Problem description |
Please return all records verbatim, no pictures.

Extracted entries |
◆ ◆ ◆ ◆ ◆ ◆ ◆

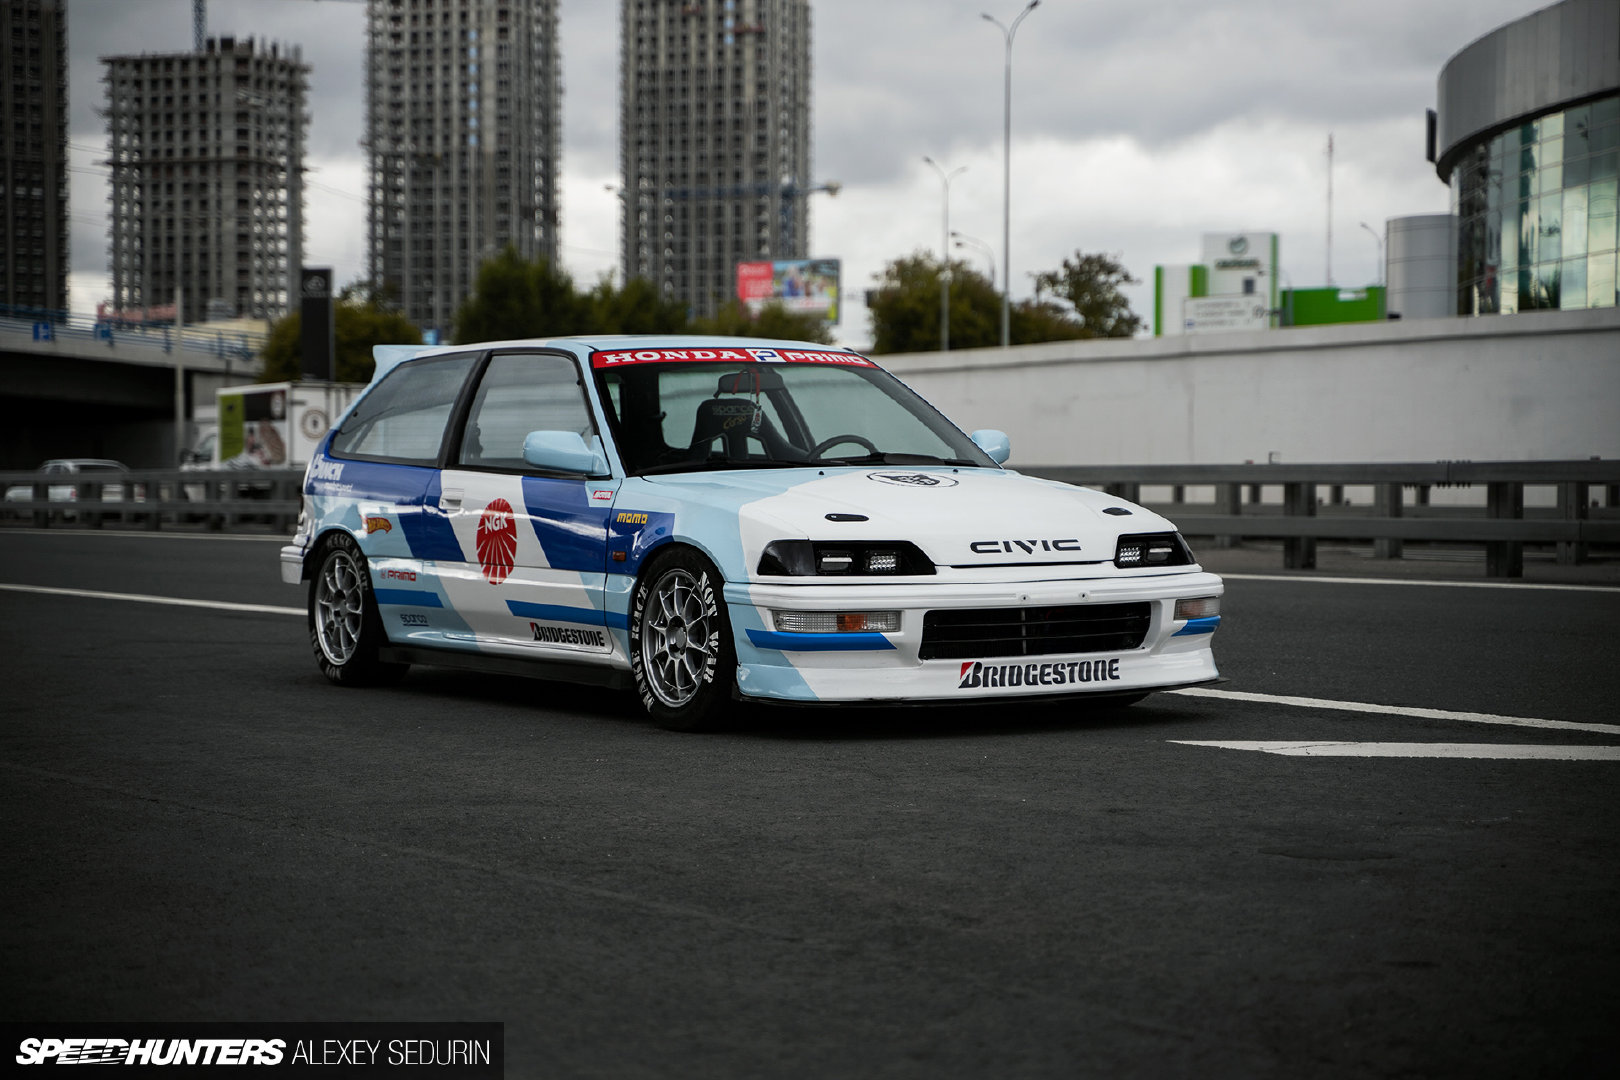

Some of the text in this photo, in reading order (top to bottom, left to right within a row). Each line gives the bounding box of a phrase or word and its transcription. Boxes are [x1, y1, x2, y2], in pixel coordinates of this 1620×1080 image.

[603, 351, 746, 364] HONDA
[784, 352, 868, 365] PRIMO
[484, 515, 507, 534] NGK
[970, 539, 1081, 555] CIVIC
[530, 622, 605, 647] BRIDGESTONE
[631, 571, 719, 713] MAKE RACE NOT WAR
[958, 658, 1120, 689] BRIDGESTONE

◆ ◆ ◆ ◆ ◆ ◆ ◆

Output |
Some of the text in this photo, in reading order (top to bottom, left to right within a row). Each line gives the bounding box of a phrase or word and its transcription. Boxes are [x1, y1, x2, y2], in pixel coordinates of this 1620×1080 image.

[603, 351, 746, 364] HONDA
[784, 352, 868, 365] PRIMO
[484, 515, 507, 534] NGK
[970, 539, 1081, 555] CIVIC
[530, 622, 605, 647] BRIDGESTONE
[631, 571, 719, 713] MAKE RACE NOT WAR
[958, 658, 1120, 689] BRIDGESTONE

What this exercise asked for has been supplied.